Saturday, May 13, 2006

Life isn't fair- and whose fault is that?

Update, 2009: the Cancer Baby blog has now been taken down, and people searching for it often end up here. What follows is wrote I wrote at the time of her death, and was a reaction to what I felt was mistaken rhetoric adopted by her virtual well-wishers which implied that they hadn't understood her stance.

___________________________
I have written before about Cancer, baby who faced the dark prospects of infertility, cancer and death with wit and honesty. For several months now she had been ominously silent, and has now died. And the world is poorer for it: we need sensible people who can write.

I have no great belief in the power of wishful thinking or blind optimism, but a lot of people do. If you read the Comments to her more harrowing posts you will see that there were many readers out there praying to God for her to recover (she knew her odds were bad). I guess they just didn't pray hard enough, or weren't good enough, or she had been too evil in some way (and more evil than all the other evil people who somehow wander around prospering and flagrantly unsmitten making everyone else's life worse), or (and this is the most revolting option), she died because He wanted her to, reducing her to some minion that can be sacrificed in pursuit of some greater aim. I do not believe that any ends can justify such means. "If you're suffering, it's because God wants you to" isn't really very comforting.

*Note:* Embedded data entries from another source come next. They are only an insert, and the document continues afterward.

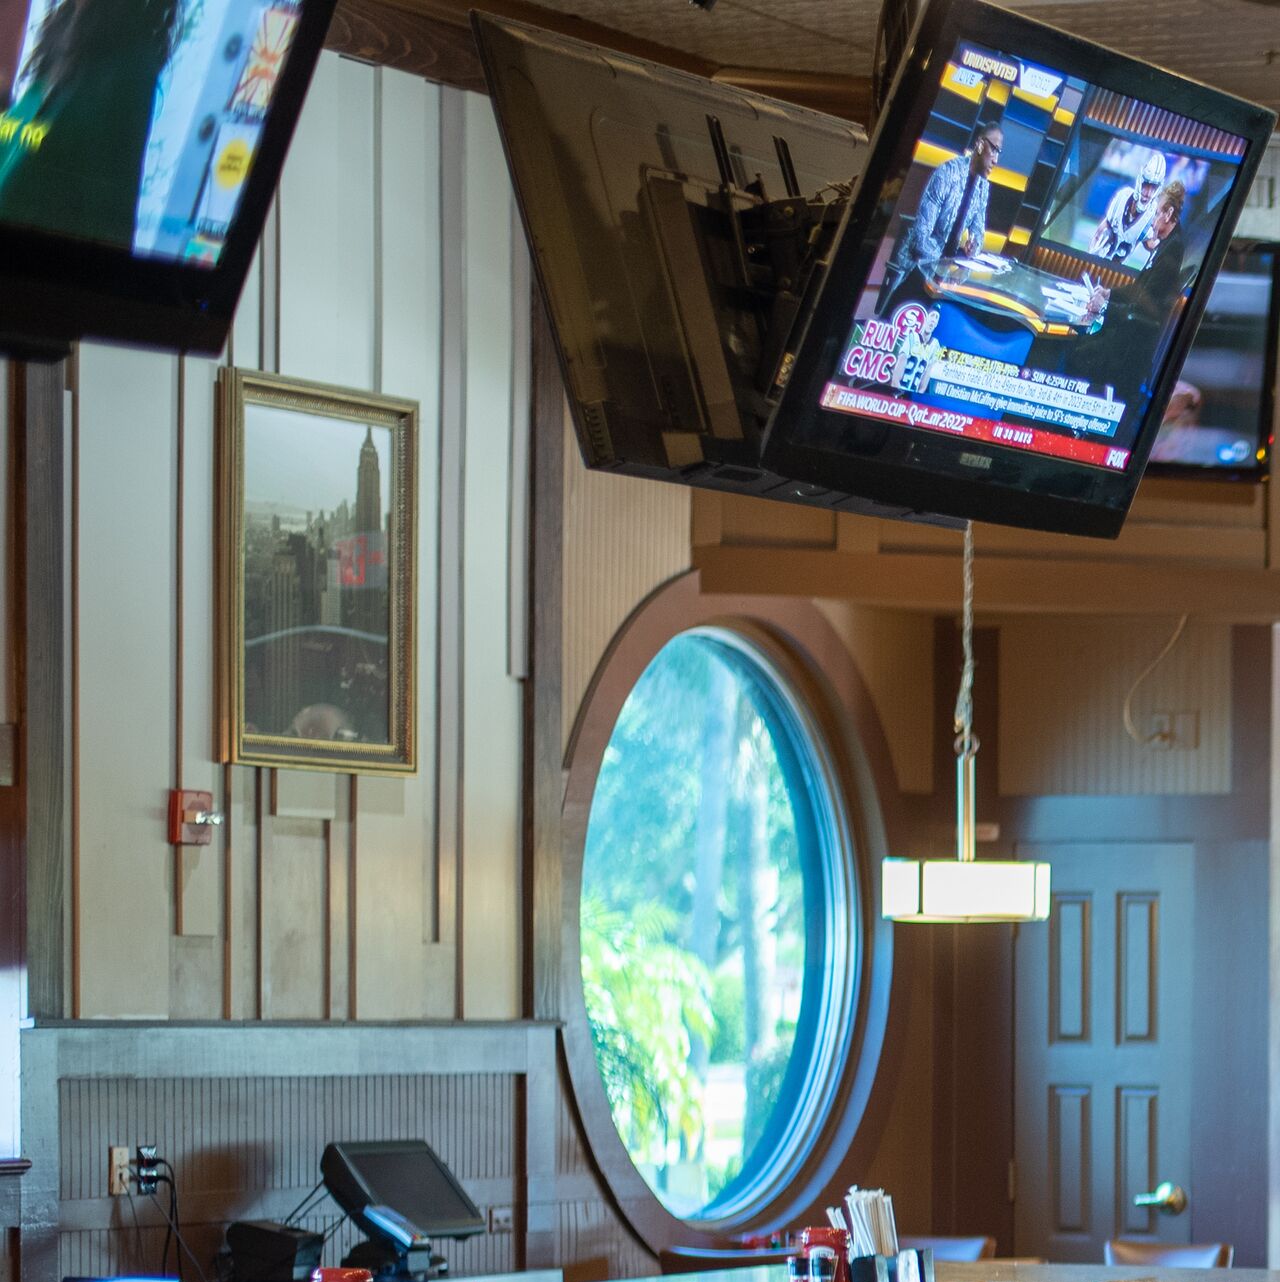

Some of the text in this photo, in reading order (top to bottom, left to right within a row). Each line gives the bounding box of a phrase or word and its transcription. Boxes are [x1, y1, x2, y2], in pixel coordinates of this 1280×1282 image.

[956, 71, 977, 86] LIVE
[962, 49, 1018, 82] UNDISPUTED
[861, 320, 899, 352] RUN
[845, 345, 896, 382] CMC
[942, 364, 966, 379] Panthers
[981, 373, 993, 386] CMC
[1001, 378, 1016, 391] 49ers
[1068, 395, 1082, 408] 2023
[1031, 371, 1046, 384] SUN
[1045, 375, 1068, 390] 4:25PM
[1075, 381, 1090, 395] FOX
[837, 391, 857, 407] FIFA
[856, 395, 888, 415] WORLD
[887, 401, 906, 419] CUP
[935, 381, 946, 393] Will
[946, 384, 971, 399] Christian
[969, 390, 997, 408] McCaffrey
[1007, 399, 1035, 415] immediate
[1063, 413, 1088, 430] struggling
[1087, 419, 1109, 434] offense?
[1013, 430, 1033, 445] DAYS
[1106, 449, 1128, 469] FOX

When people explain why prayers are not answered, they usually say something like "If people were given everything they asked for they would never learn responsibility for themselves". Oddly, they assume that people would automatically ask for things that benefit them directly. I saw on one blog someone tell the story of a discussion in the run-up to Christmas when a four-year-old was asked what they wanted as a present: the reply "that all the children in the world have clothes and enough to eat" put something of a damper on the consumer binge in the ensuing theological contortions. I know you could argue that such requests are in the end selfish because they would make the praying person feel better, but that is surely stetching it: you might as well say that God shouldn't make sunsets beautiful because people enjoy them.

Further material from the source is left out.